- Exercise -
Every record below must be written out exactly. Leave out the pictures.

- Available data -

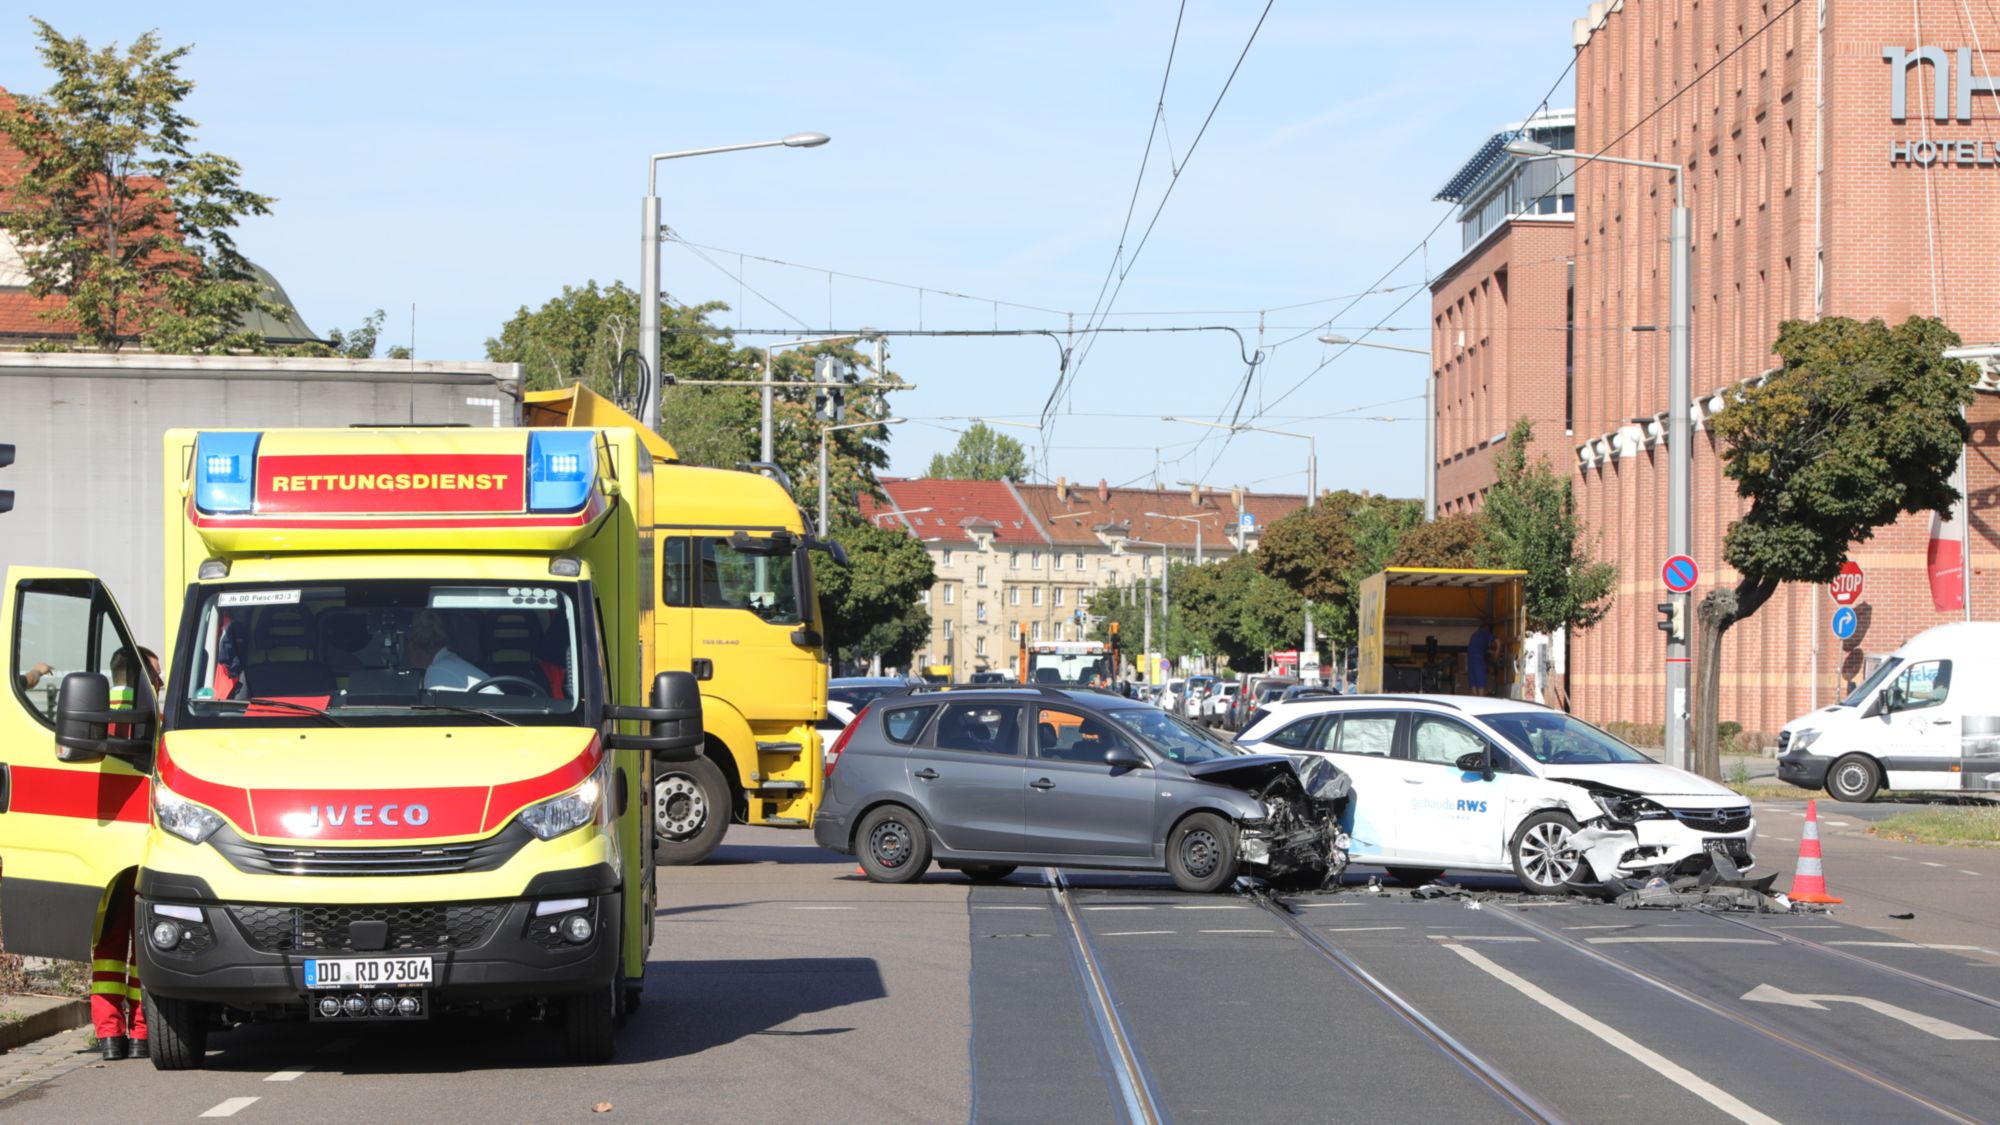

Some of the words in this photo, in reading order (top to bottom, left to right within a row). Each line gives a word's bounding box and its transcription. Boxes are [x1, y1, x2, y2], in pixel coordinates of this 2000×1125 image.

[272, 474, 508, 492] RETTUNGSDIENST
[1831, 574, 1861, 592] STOP
[1457, 799, 1487, 813] RWS
[310, 803, 430, 828] IVECO
[318, 962, 341, 982] DD
[355, 961, 379, 981] RD
[384, 960, 430, 981] 9304

- Solution to the exercise -
Some of the words in this photo, in reading order (top to bottom, left to right within a row). Each line gives a word's bounding box and its transcription. Boxes are [x1, y1, x2, y2], in pixel coordinates of this 2000×1125 image.

[272, 474, 508, 492] RETTUNGSDIENST
[1831, 574, 1861, 592] STOP
[1457, 799, 1487, 813] RWS
[310, 803, 430, 828] IVECO
[318, 962, 341, 982] DD
[355, 961, 379, 981] RD
[384, 960, 430, 981] 9304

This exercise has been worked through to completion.